Exercise brief >> Retype each line below precisely and omit all images.

Entries shown >>
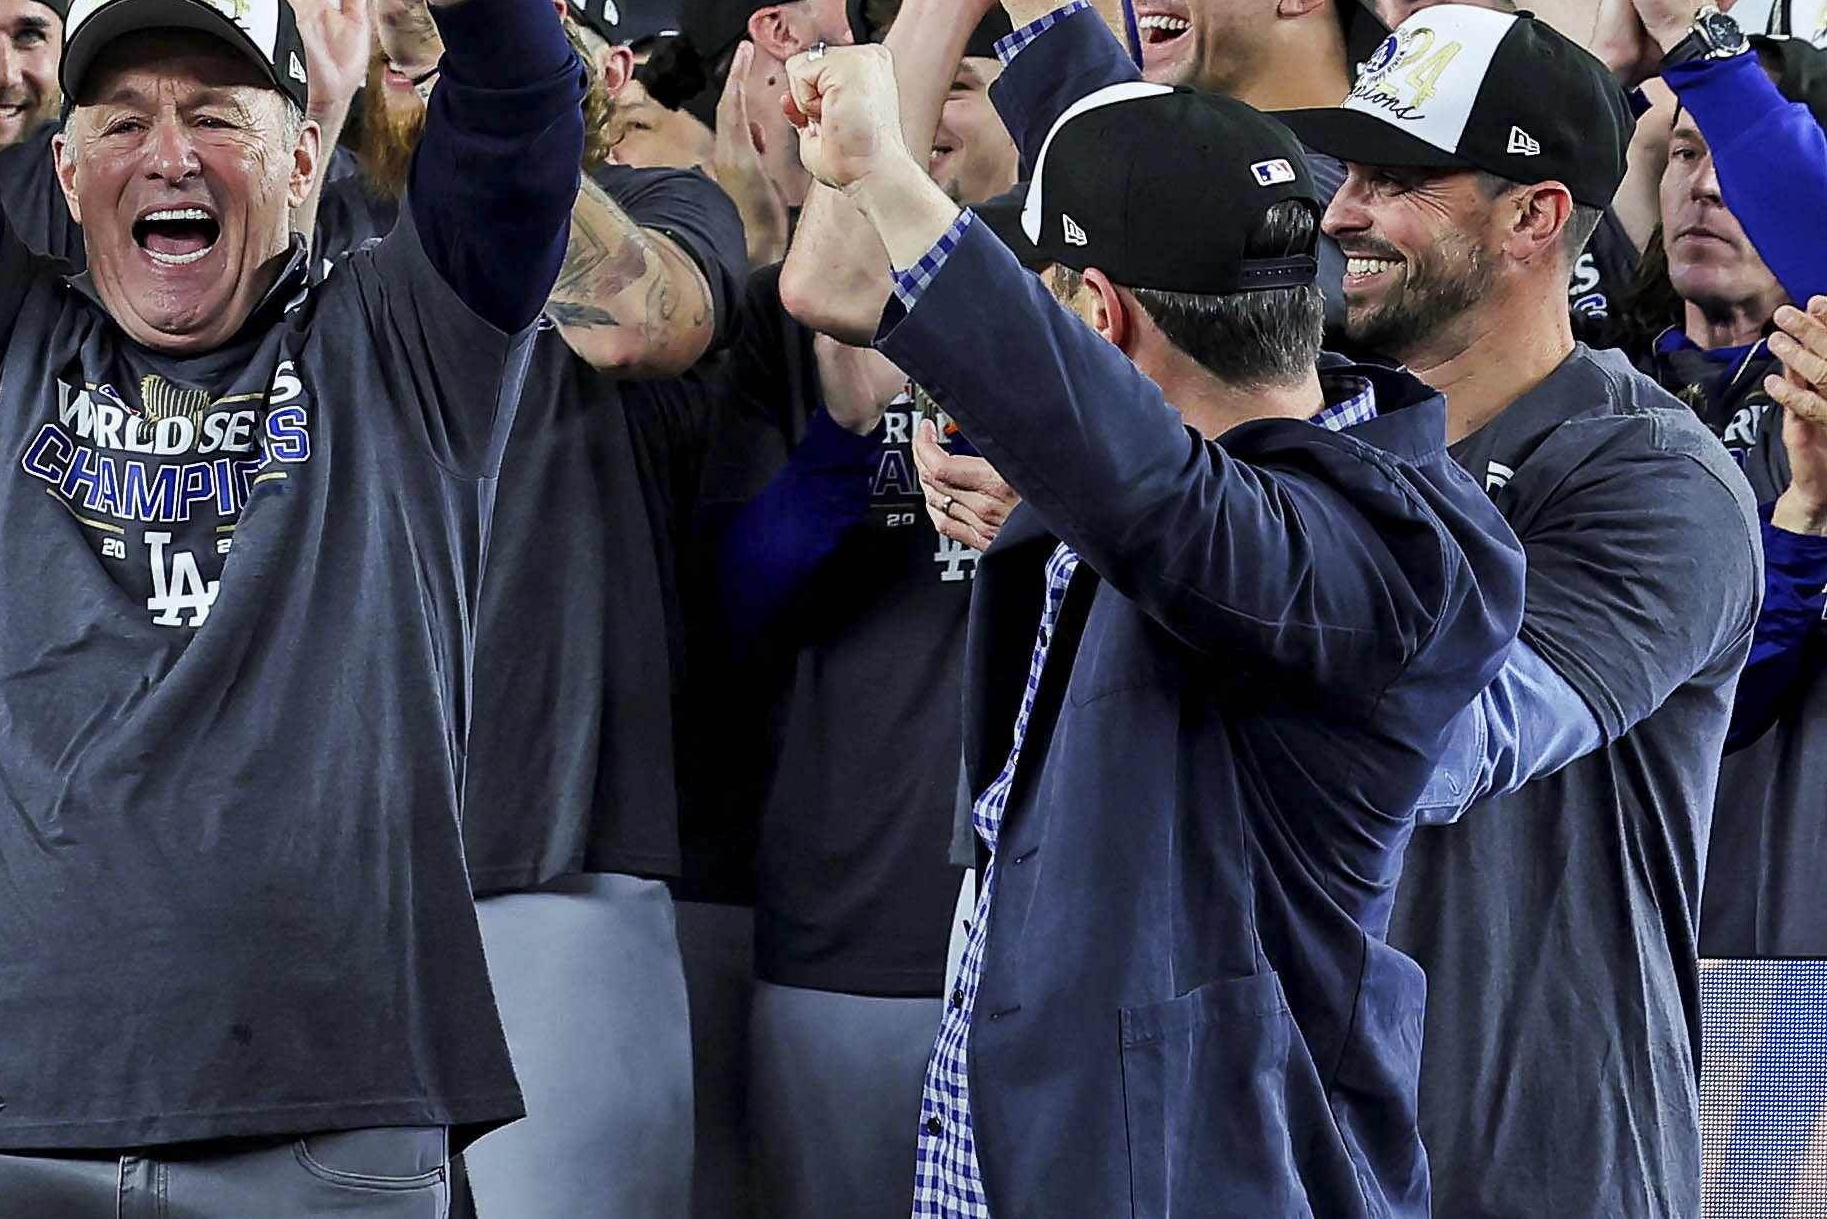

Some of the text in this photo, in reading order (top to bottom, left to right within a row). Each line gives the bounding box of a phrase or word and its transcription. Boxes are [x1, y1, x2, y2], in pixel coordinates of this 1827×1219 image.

[57, 378, 197, 455] WRLD
[886, 513, 916, 527] 20
[101, 537, 126, 559] 20
[216, 538, 233, 554] 2
[144, 531, 221, 627] LA

Expected output >>
Some of the text in this photo, in reading order (top to bottom, left to right within a row). Each line gives the bounding box of a phrase or word and its transcription. Boxes are [x1, y1, x2, y2], in pixel coordinates of this 1827×1219 image.

[57, 378, 197, 455] WRLD
[886, 513, 916, 527] 20
[101, 537, 126, 559] 20
[216, 538, 233, 554] 2
[144, 531, 221, 627] LA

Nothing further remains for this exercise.